_EXERCISE REQUIREMENTS_:
If any record holds an image, omit the image and print the rest exactly.

_Phrase grounding data_:
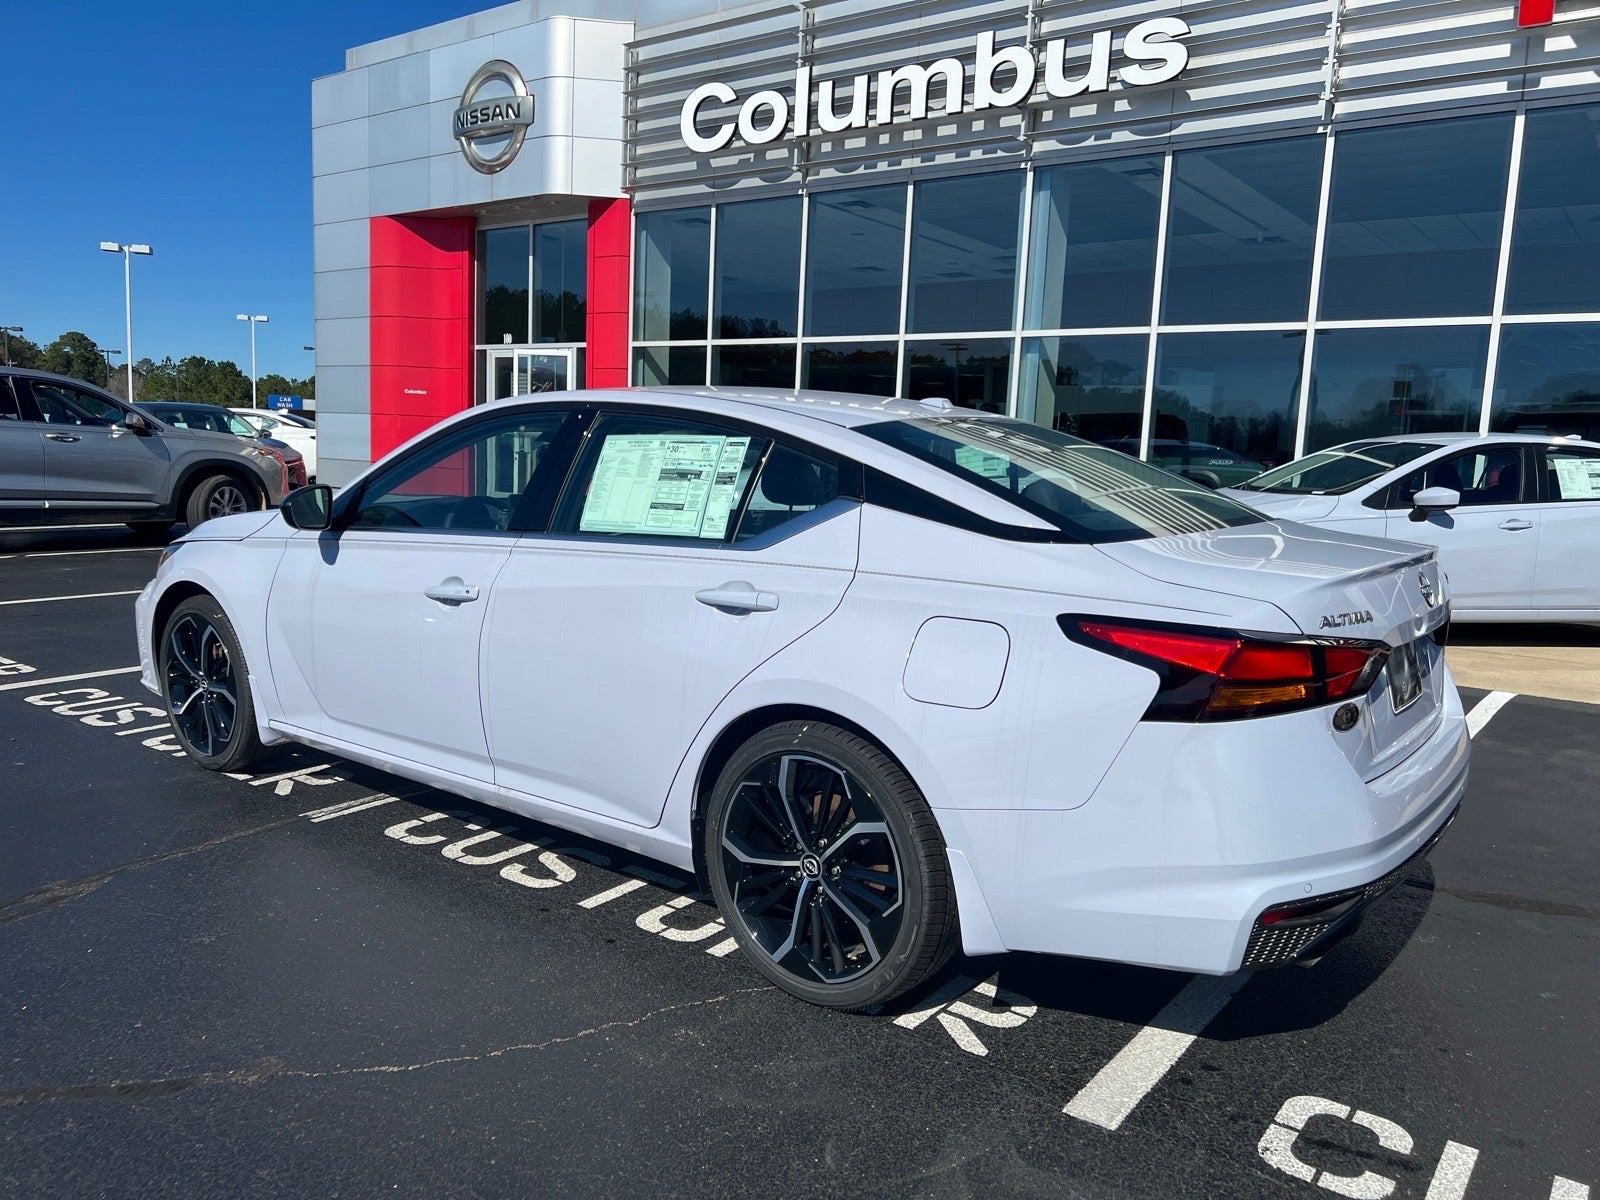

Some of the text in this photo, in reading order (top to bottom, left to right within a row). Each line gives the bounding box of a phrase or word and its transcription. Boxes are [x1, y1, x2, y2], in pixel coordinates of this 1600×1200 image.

[680, 17, 1192, 153] Columbus
[456, 102, 521, 129] NISSAN
[503, 333, 513, 344] 100
[669, 445, 680, 453] 30
[1319, 610, 1374, 629] ALTIMA

_YOUR SOLUTION_:
Some of the text in this photo, in reading order (top to bottom, left to right within a row). Each line gives the bounding box of a phrase or word and its transcription. Boxes are [x1, y1, x2, y2], in pixel coordinates of this 1600×1200 image.

[680, 17, 1192, 153] Columbus
[456, 102, 521, 129] NISSAN
[503, 333, 513, 344] 100
[669, 445, 680, 453] 30
[1319, 610, 1374, 629] ALTIMA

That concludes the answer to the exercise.